▸ **Assignment**
Any pictures in the records below should be skipped; write out everything else exactly.
*** Block opens ***
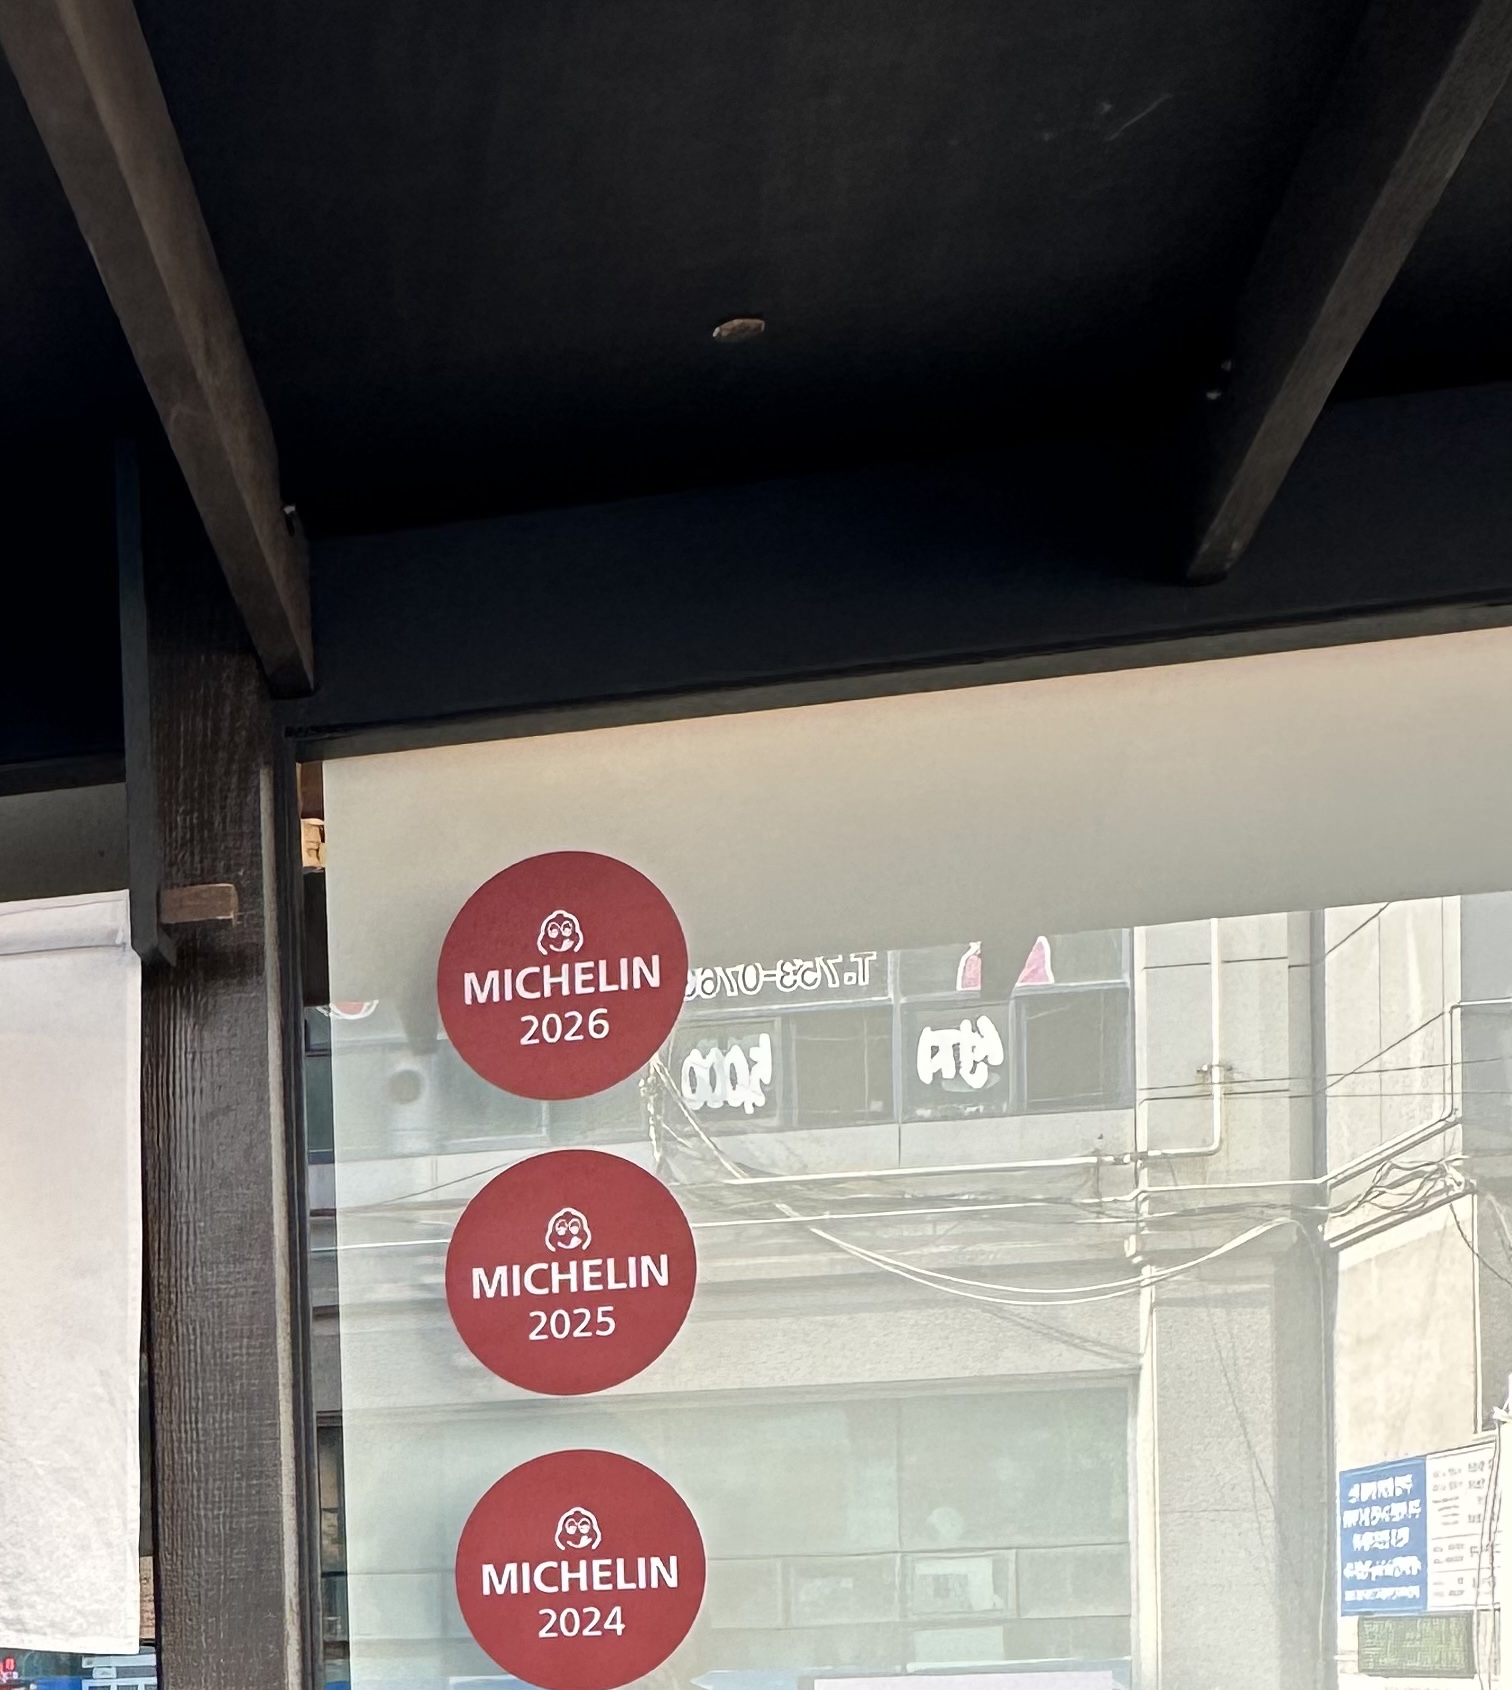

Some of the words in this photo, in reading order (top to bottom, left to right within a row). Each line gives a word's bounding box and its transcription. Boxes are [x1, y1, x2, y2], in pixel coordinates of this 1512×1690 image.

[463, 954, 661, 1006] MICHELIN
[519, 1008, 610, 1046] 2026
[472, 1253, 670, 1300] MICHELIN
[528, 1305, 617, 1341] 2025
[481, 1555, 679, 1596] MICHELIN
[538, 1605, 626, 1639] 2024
*** Block closes ***
▸ **Your response**
Some of the words in this photo, in reading order (top to bottom, left to right within a row). Each line gives a word's bounding box and its transcription. Boxes are [x1, y1, x2, y2], in pixel coordinates of this 1512×1690 image.

[463, 954, 661, 1006] MICHELIN
[519, 1008, 610, 1046] 2026
[472, 1253, 670, 1300] MICHELIN
[528, 1305, 617, 1341] 2025
[481, 1555, 679, 1596] MICHELIN
[538, 1605, 626, 1639] 2024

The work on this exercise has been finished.